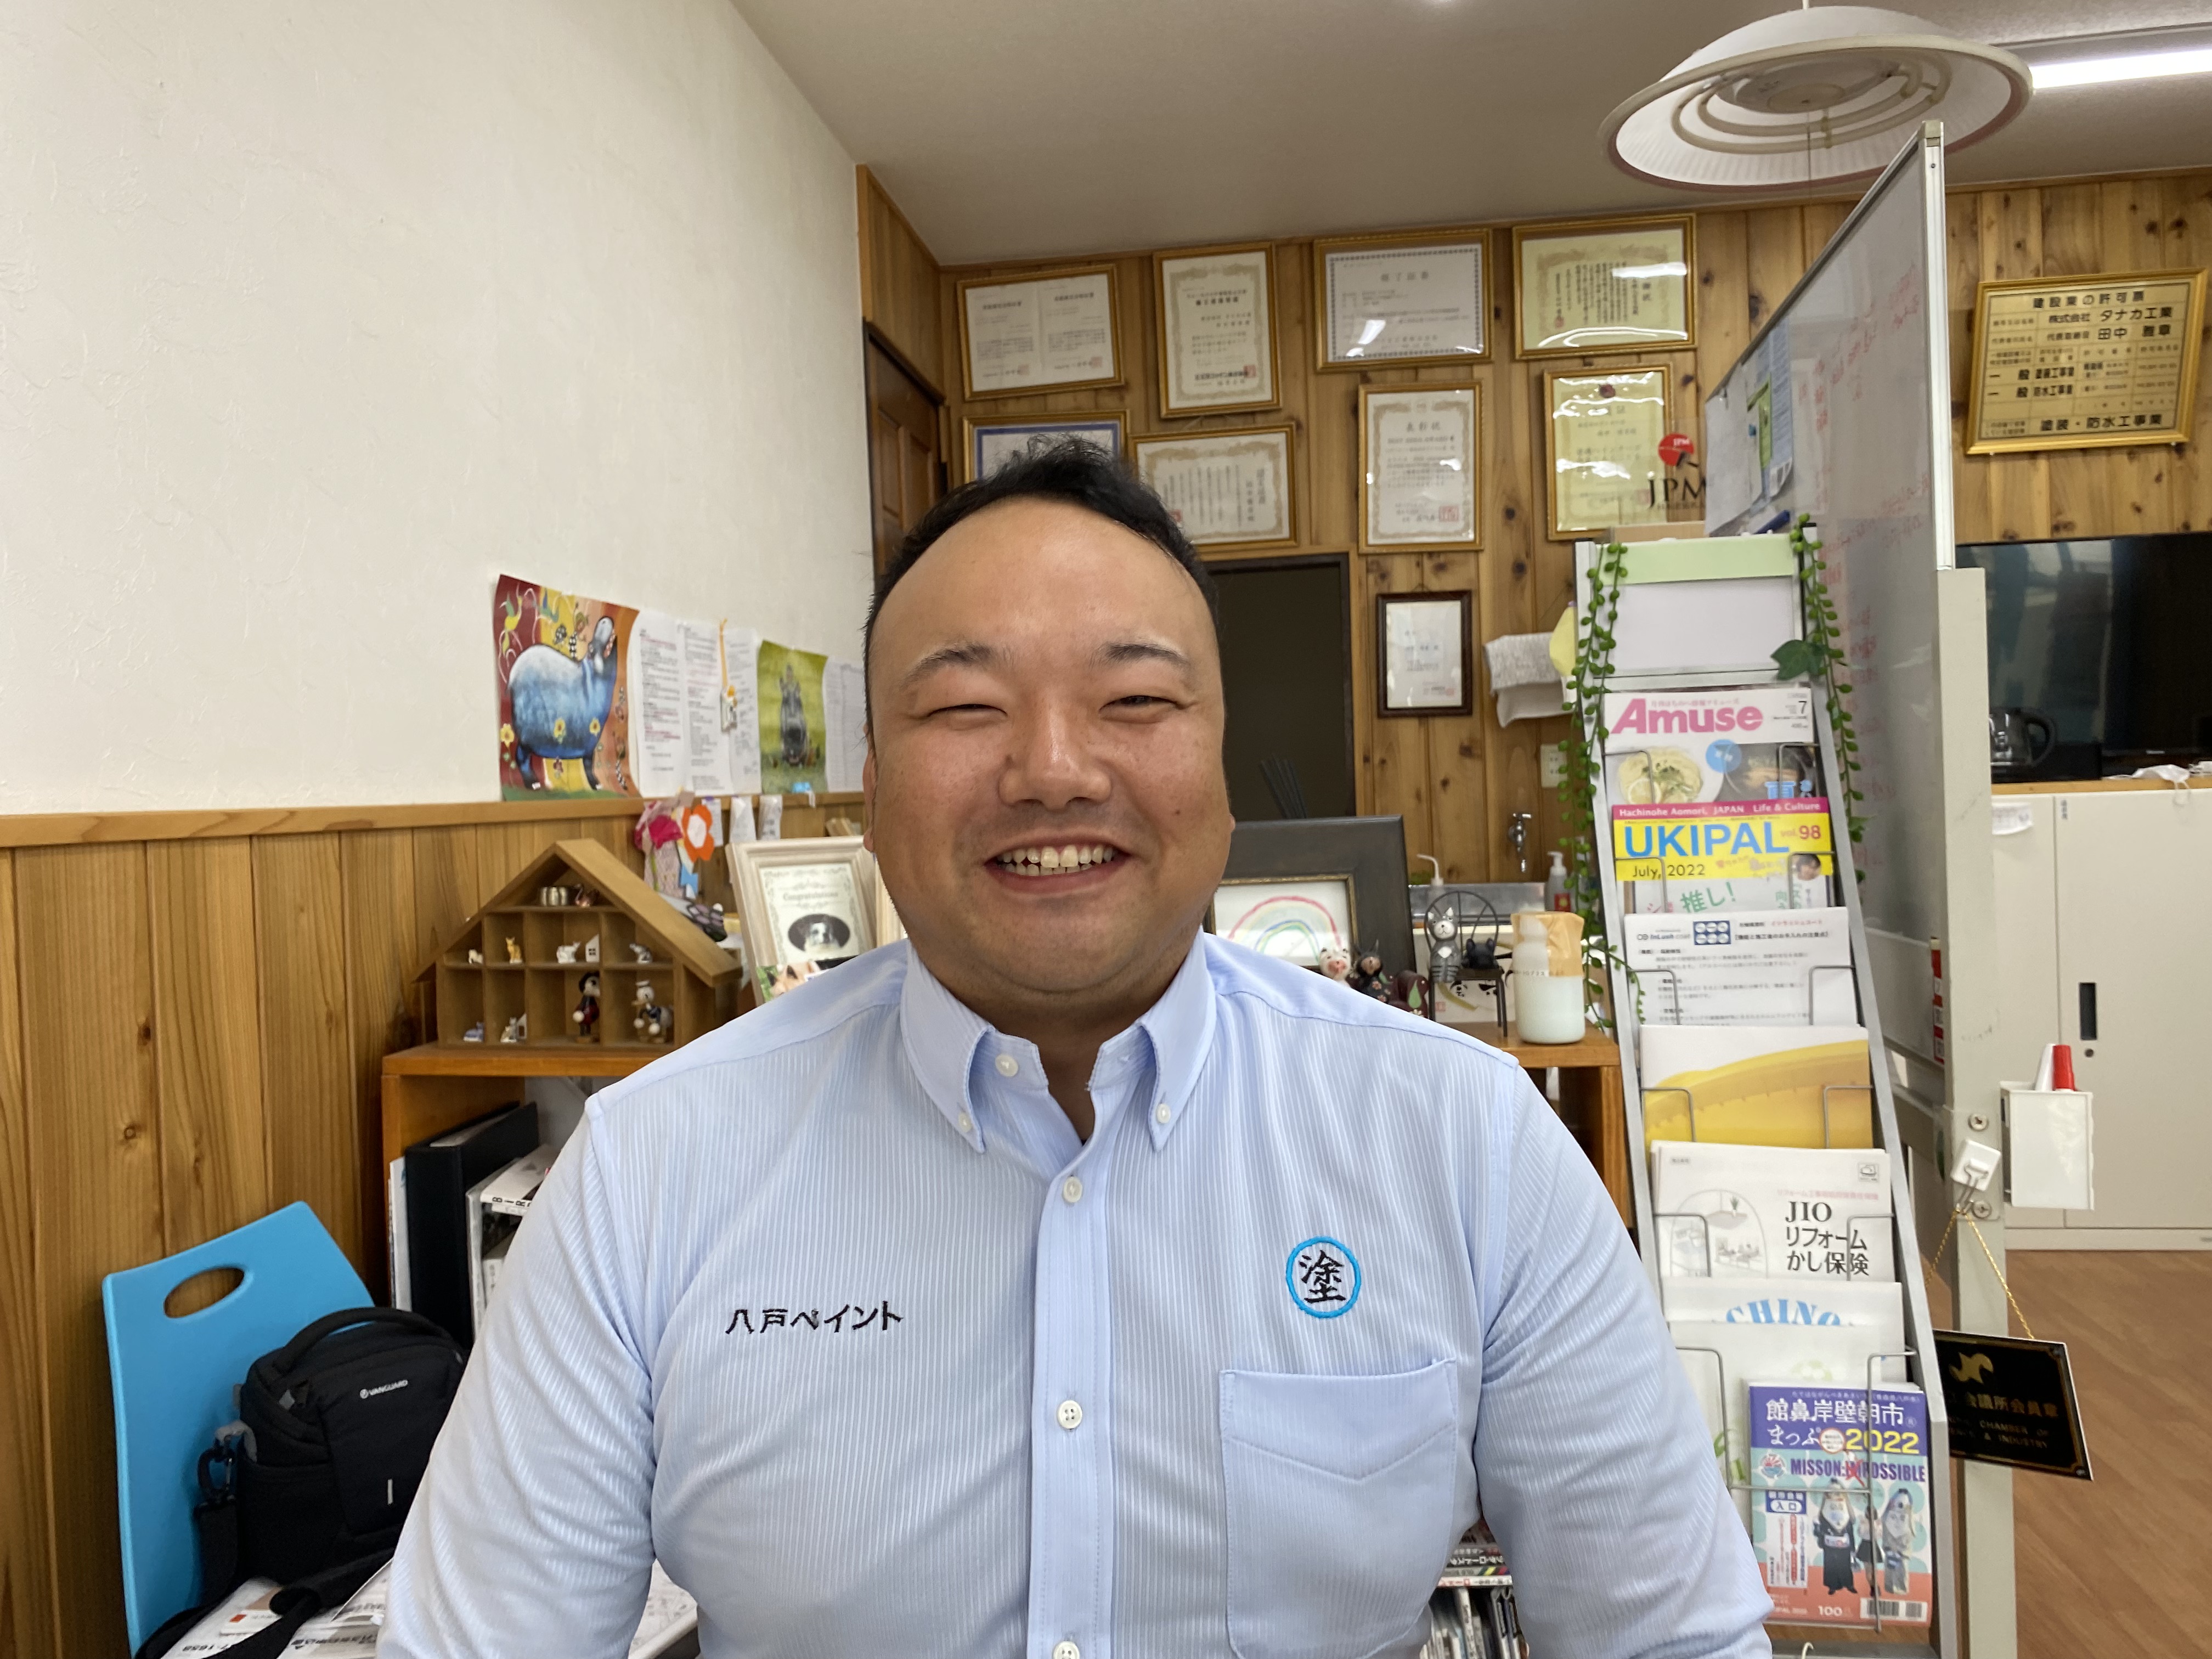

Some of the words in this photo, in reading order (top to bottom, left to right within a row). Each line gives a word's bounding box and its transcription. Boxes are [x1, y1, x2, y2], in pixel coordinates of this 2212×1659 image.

[1611, 698, 1763, 734] Amuse
[1798, 701, 1807, 714] 7
[1713, 805, 1744, 814] JAPAN
[1785, 802, 1820, 811] Culture
[1625, 822, 1789, 857] UKIPAL
[1633, 865, 1662, 879] July,
[1668, 864, 1705, 876] 2022
[1785, 1201, 1832, 1222] JIO
[1787, 1227, 1867, 1250] リフォーム
[1787, 1250, 1869, 1276] かし保険
[1299, 1250, 1346, 1304] 塗
[725, 1300, 904, 1334] 八戸ペイント
[1767, 1398, 1904, 1426] 館鼻岸壁朝市
[1768, 1424, 1821, 1446] まっぷ
[1846, 1429, 1919, 1454] 2022
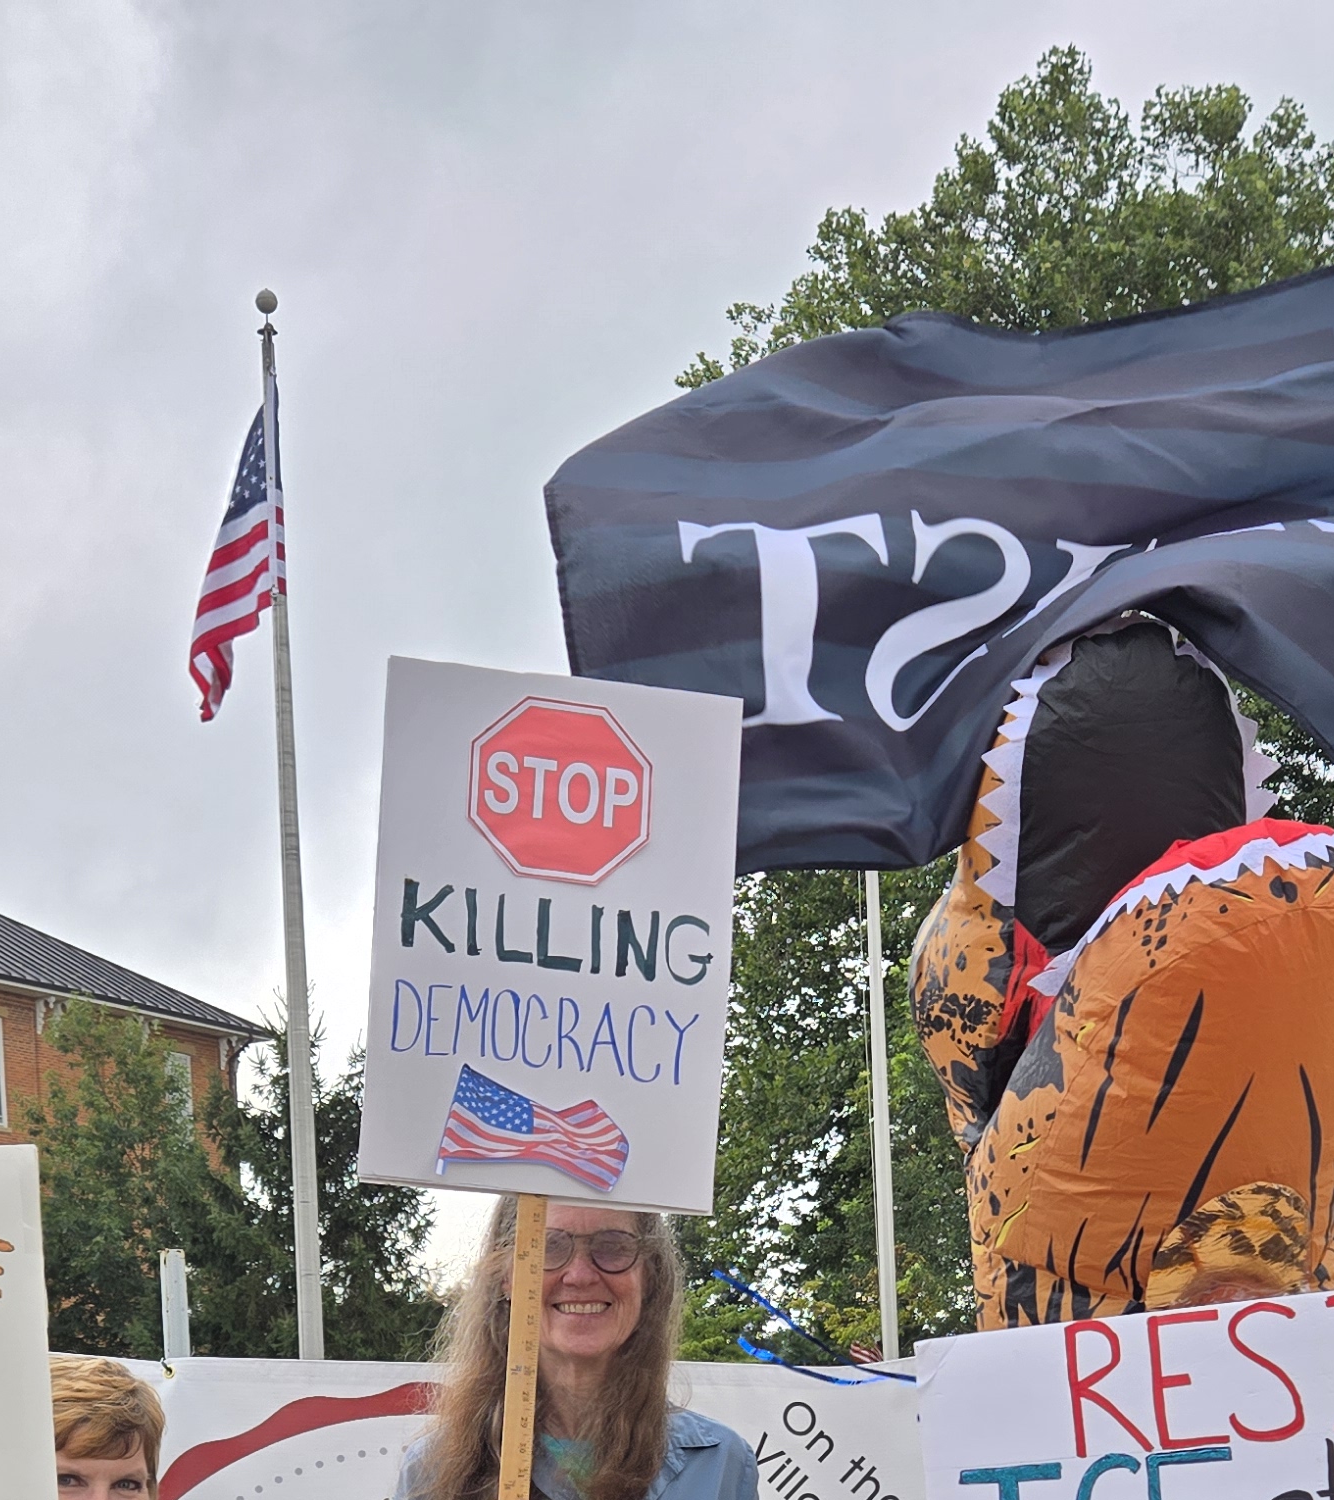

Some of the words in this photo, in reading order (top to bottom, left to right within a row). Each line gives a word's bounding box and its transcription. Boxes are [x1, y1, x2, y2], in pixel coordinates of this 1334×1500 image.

[483, 750, 640, 829] STOP
[400, 877, 714, 986] KILLING
[390, 979, 700, 1086] DEMOCRACY
[782, 1401, 835, 1463] On
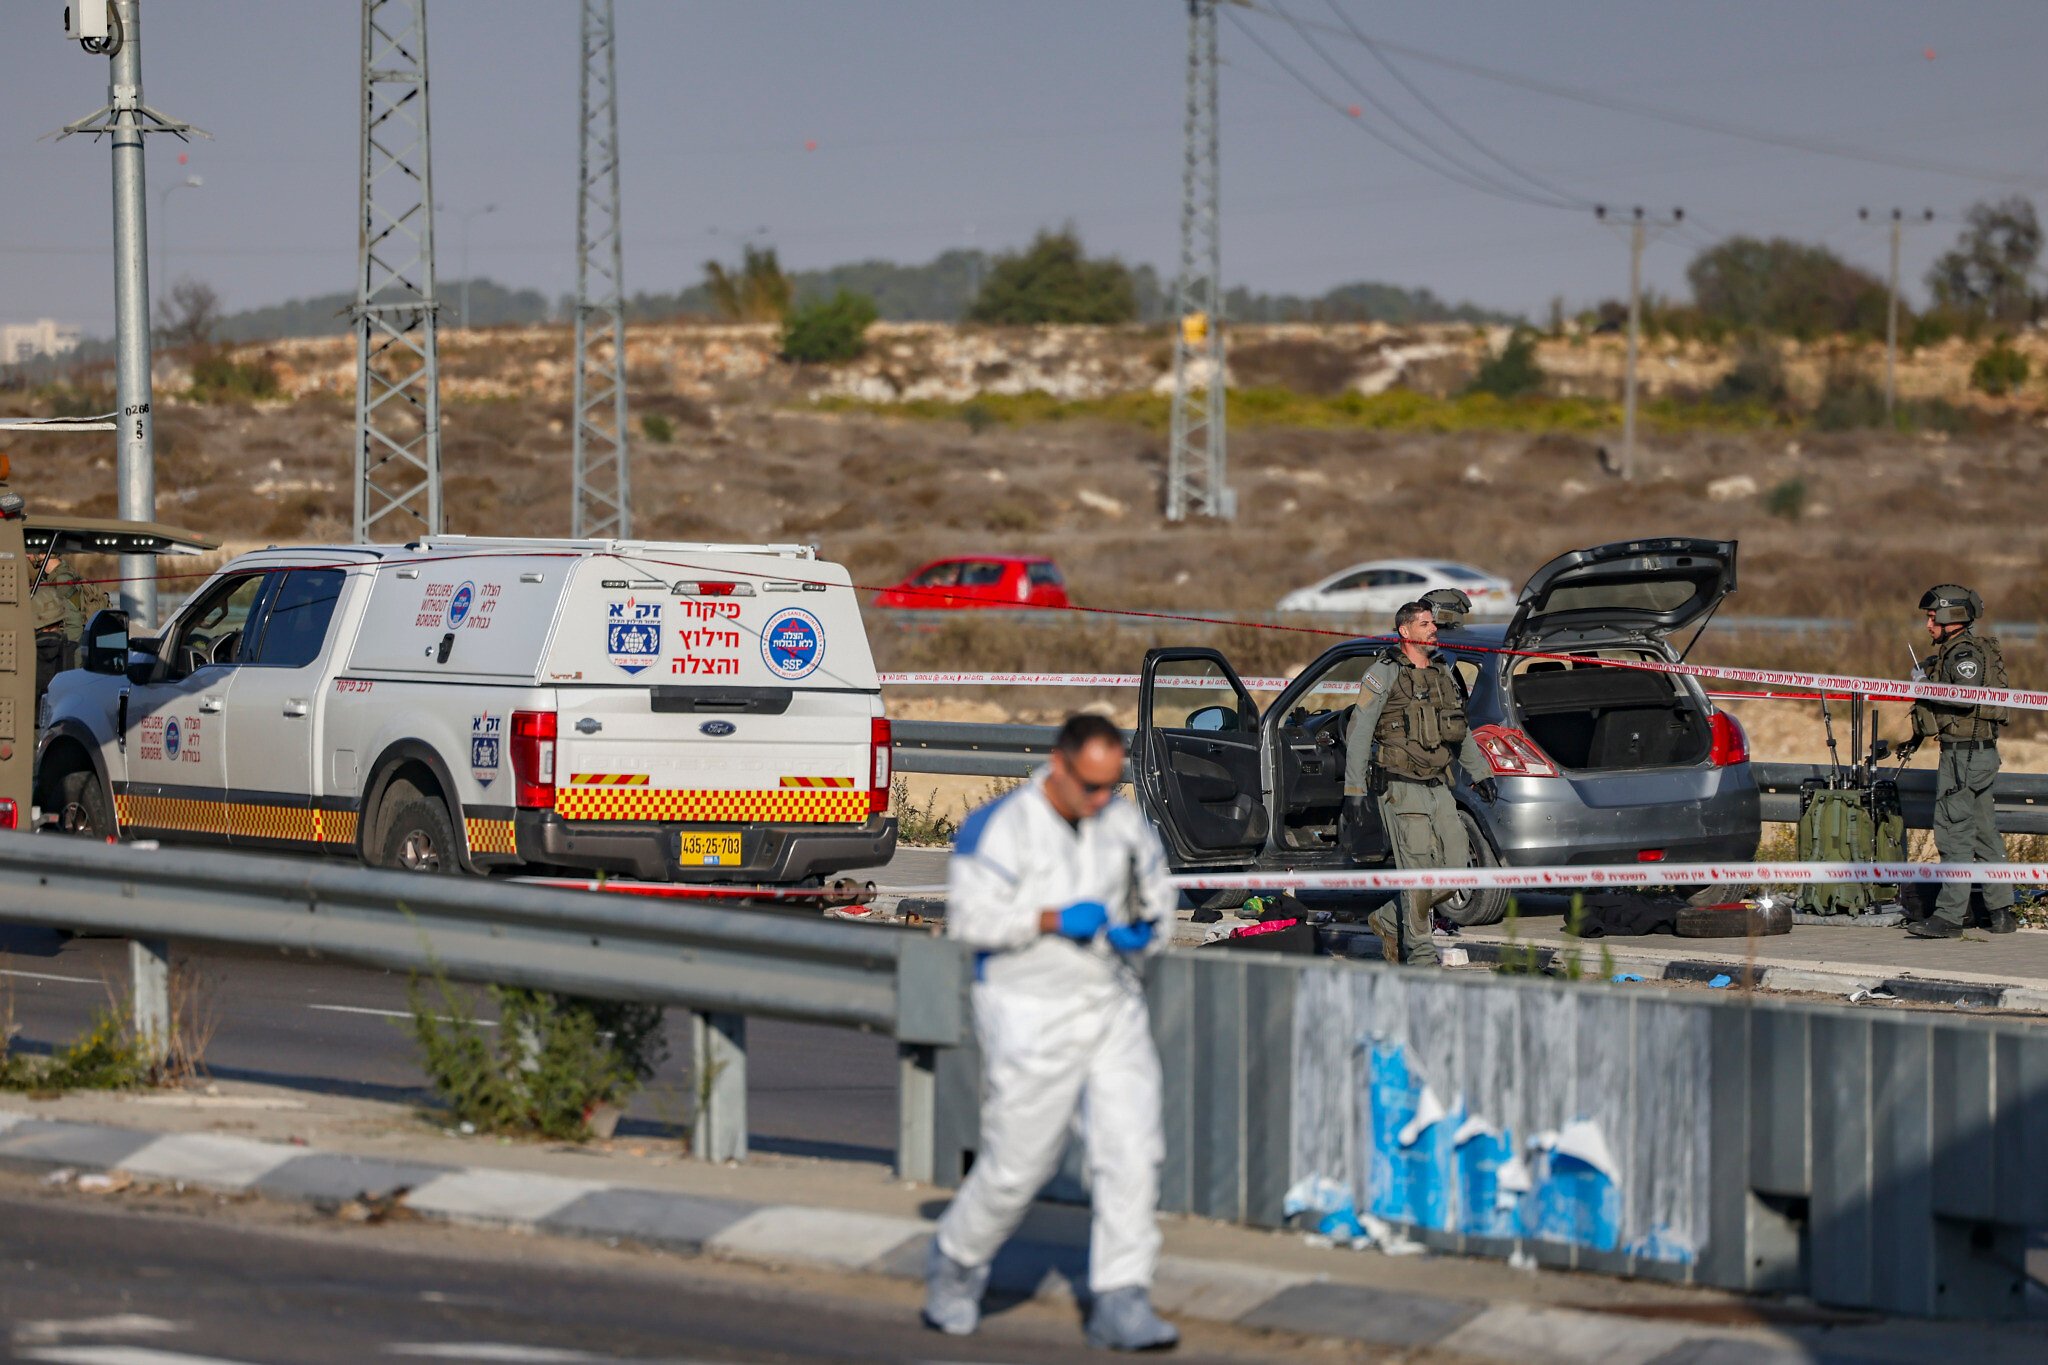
********************
Task goal –
Return the entries exactly as given. Do not include pictures.

Answer section –
Some of the words in this photo, in reading order (top to bottom, left to right within a row). Each line gives a word's bounding box and its transcription. Boxes are [x1, y1, x2, y2], in pixel coordinates of this 2212×1659 image.

[1611, 698, 1763, 734] Amuse
[1798, 701, 1807, 714] 7
[1713, 805, 1744, 814] JAPAN
[1785, 802, 1820, 811] Culture
[1625, 822, 1789, 857] UKIPAL
[1633, 865, 1662, 879] July,
[1668, 864, 1705, 876] 2022
[1785, 1201, 1832, 1222] JIO
[1787, 1227, 1867, 1250] リフォーム
[1787, 1250, 1869, 1276] かし保険
[1299, 1250, 1346, 1304] 塗
[725, 1300, 904, 1334] 八戸ペイント
[1767, 1398, 1904, 1426] 館鼻岸壁朝市
[1768, 1424, 1821, 1446] まっぷ
[1846, 1429, 1919, 1454] 2022

Some of the words in this photo, in reading order (top to bottom, left to right within a row). Each line gives a word's bounding box and its transcription. Boxes are [x1, y1, x2, y2], in pixel coordinates of this 1334×1500 image.

[483, 750, 640, 829] STOP
[400, 877, 714, 986] KILLING
[390, 979, 700, 1086] DEMOCRACY
[782, 1401, 835, 1463] On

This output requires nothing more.